### To do:
Where an entry below contains an image, skip the image and copy the rest exactly.

Dataset entries
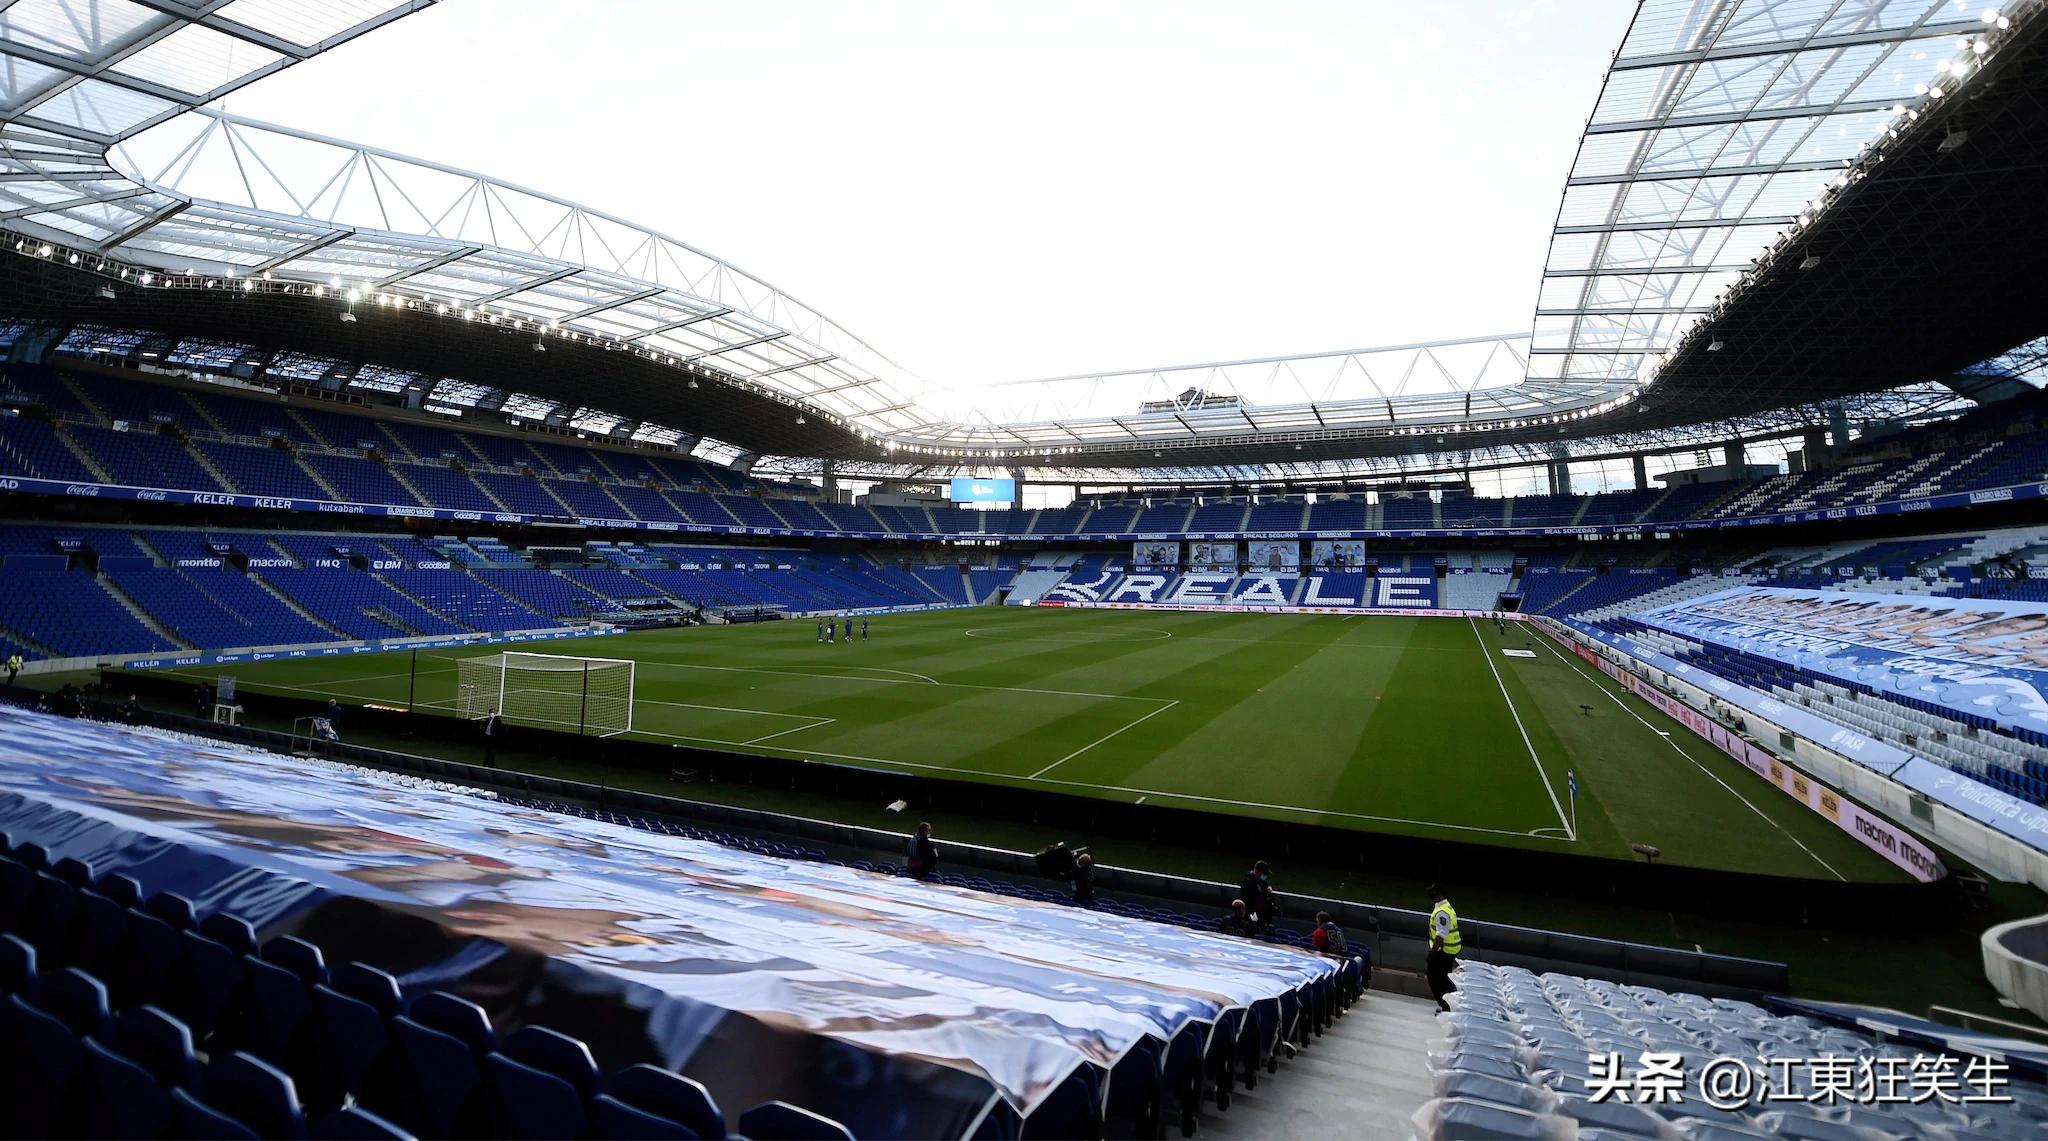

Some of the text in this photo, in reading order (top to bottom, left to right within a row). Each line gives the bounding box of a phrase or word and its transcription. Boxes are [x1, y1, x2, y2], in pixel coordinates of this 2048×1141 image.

[193, 493, 235, 506] KELER
[254, 498, 292, 510] KELER
[318, 503, 364, 514] kutxabank
[1855, 505, 1877, 516] KELER
[1826, 509, 1847, 519] KELER
[606, 521, 637, 529] SEGUROS
[249, 559, 293, 567] macron
[315, 559, 341, 568] IMQ
[384, 560, 402, 569] BM
[133, 660, 160, 668] KELER
[1854, 814, 1937, 880] macron macron

### Answer for this exercise:
Some of the text in this photo, in reading order (top to bottom, left to right within a row). Each line gives the bounding box of a phrase or word and its transcription. Boxes are [x1, y1, x2, y2], in pixel coordinates of this 2048×1141 image.

[193, 493, 235, 506] KELER
[254, 498, 292, 510] KELER
[318, 503, 364, 514] kutxabank
[1855, 505, 1877, 516] KELER
[1826, 509, 1847, 519] KELER
[606, 521, 637, 529] SEGUROS
[249, 559, 293, 567] macron
[315, 559, 341, 568] IMQ
[384, 560, 402, 569] BM
[133, 660, 160, 668] KELER
[1854, 814, 1937, 880] macron macron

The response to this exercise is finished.